_Activity_. Write out every entry, unchanged. Skip any picture.

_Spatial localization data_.
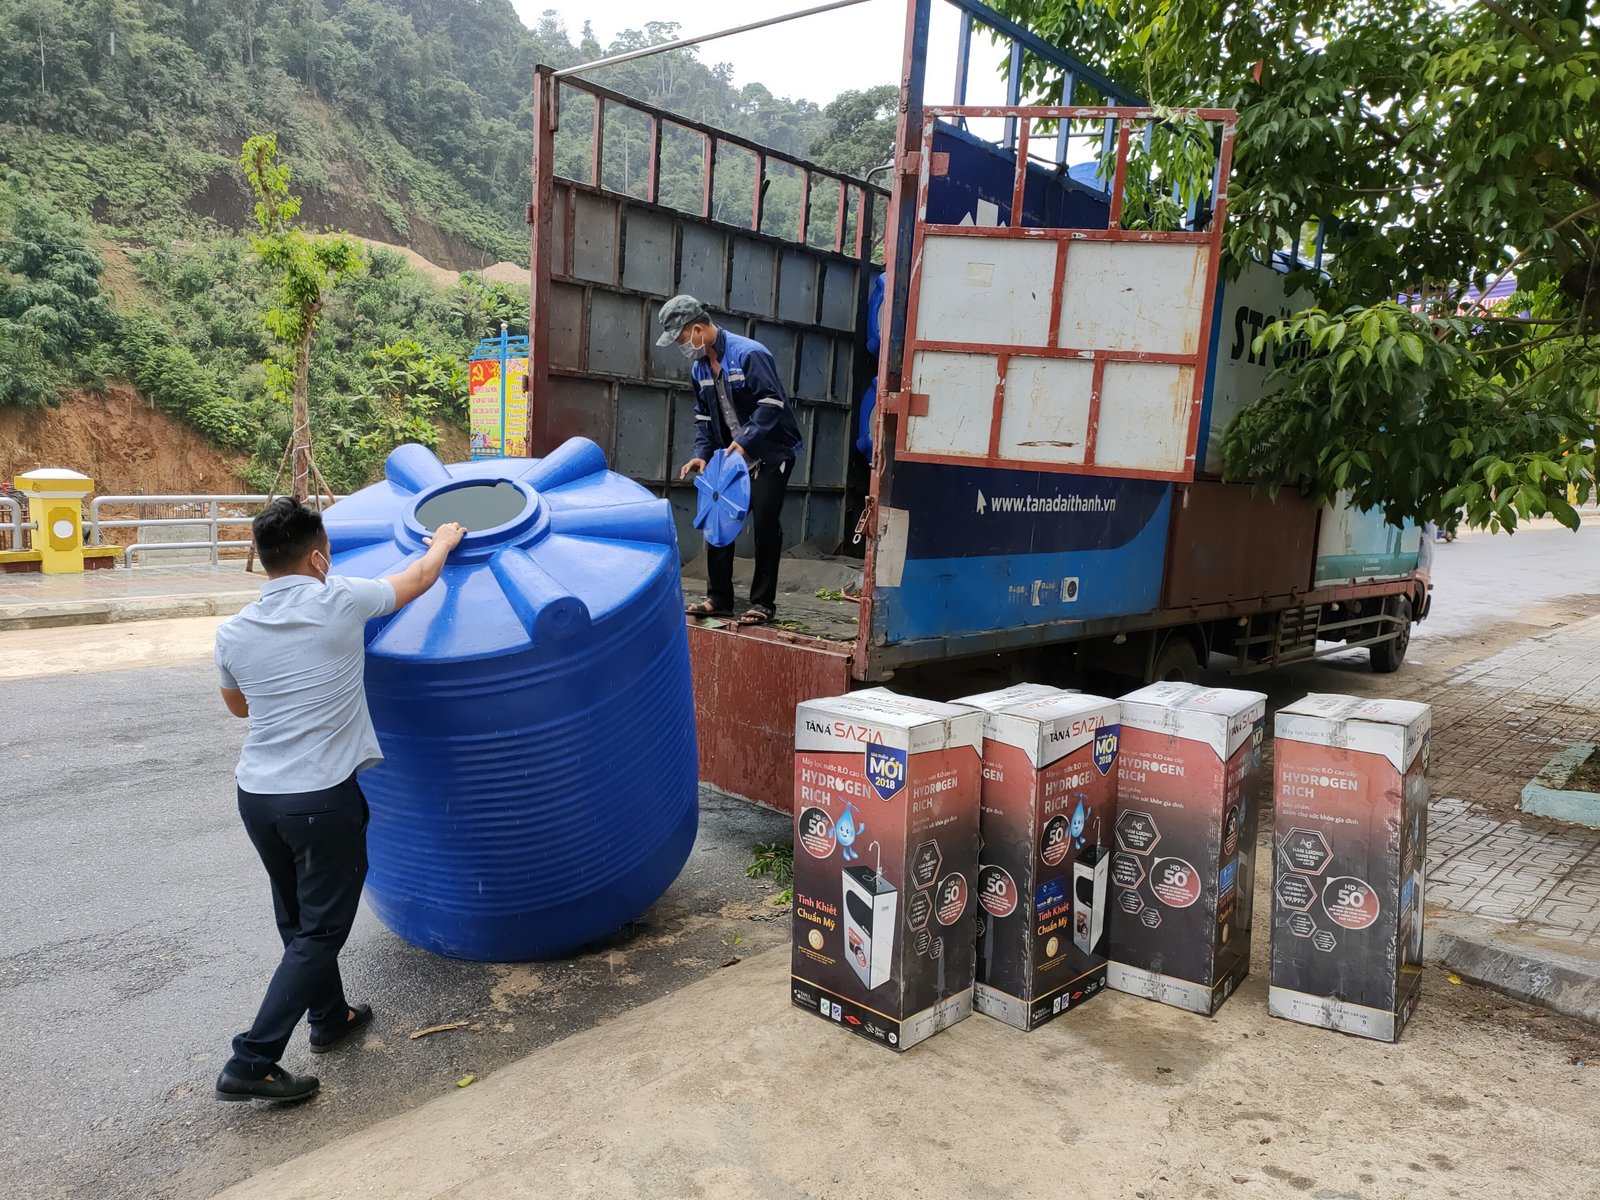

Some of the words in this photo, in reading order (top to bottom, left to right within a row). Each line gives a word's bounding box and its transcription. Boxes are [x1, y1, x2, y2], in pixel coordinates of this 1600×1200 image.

[991, 494, 1116, 512] www.tanadaithanh.vn
[1096, 733, 1118, 757] MỚI
[869, 757, 903, 781] MỚI
[1117, 768, 1146, 783] RICH
[1118, 756, 1184, 777] HYDROGEN
[801, 768, 872, 799] HYDROGEN
[875, 776, 895, 790] 2018
[913, 777, 958, 799] HYDROGEN
[1045, 771, 1096, 796] HYDROGEN
[1282, 771, 1358, 791] HYDROGEN
[801, 786, 831, 806] RICH
[1282, 784, 1315, 798] RICH
[912, 797, 933, 813] RICH
[1044, 795, 1069, 814] RICH
[808, 818, 827, 838] 50
[1048, 826, 1064, 845] 50
[1170, 863, 1181, 871] HD
[986, 877, 1007, 896] 50
[1163, 869, 1188, 887] 50
[1344, 883, 1356, 891] HD
[943, 885, 960, 904] 50
[1337, 889, 1365, 908] 50
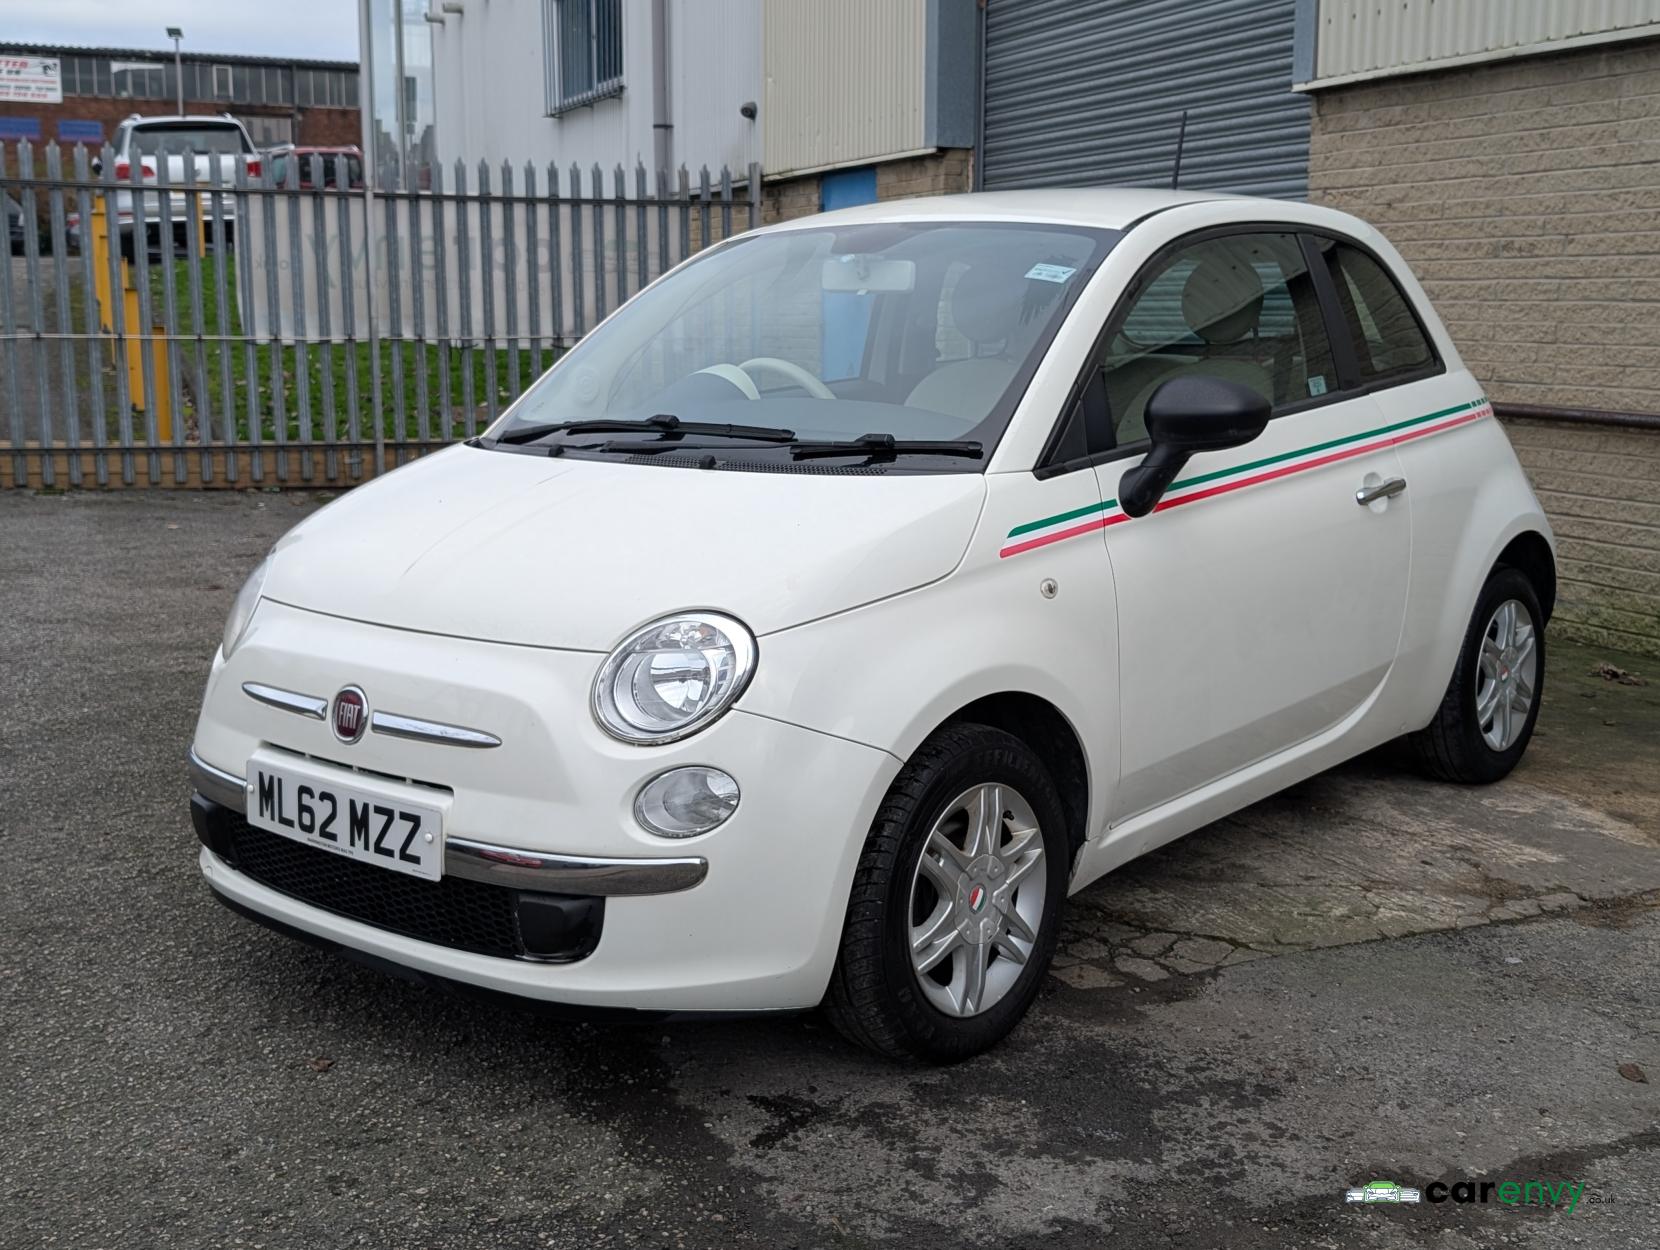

_Response box_.
Some of the words in this photo, in reading order (top to bottom, left to right within a row). Each line gives a word's bounding box and its transcription. Boxes are [x1, y1, x2, y2], in pixel coordinates of this 1600×1200 image.

[991, 494, 1116, 512] www.tanadaithanh.vn
[1096, 733, 1118, 757] MỚI
[869, 757, 903, 781] MỚI
[1117, 768, 1146, 783] RICH
[1118, 756, 1184, 777] HYDROGEN
[801, 768, 872, 799] HYDROGEN
[875, 776, 895, 790] 2018
[913, 777, 958, 799] HYDROGEN
[1045, 771, 1096, 796] HYDROGEN
[1282, 771, 1358, 791] HYDROGEN
[801, 786, 831, 806] RICH
[1282, 784, 1315, 798] RICH
[912, 797, 933, 813] RICH
[1044, 795, 1069, 814] RICH
[808, 818, 827, 838] 50
[1048, 826, 1064, 845] 50
[1170, 863, 1181, 871] HD
[986, 877, 1007, 896] 50
[1163, 869, 1188, 887] 50
[1344, 883, 1356, 891] HD
[943, 885, 960, 904] 50
[1337, 889, 1365, 908] 50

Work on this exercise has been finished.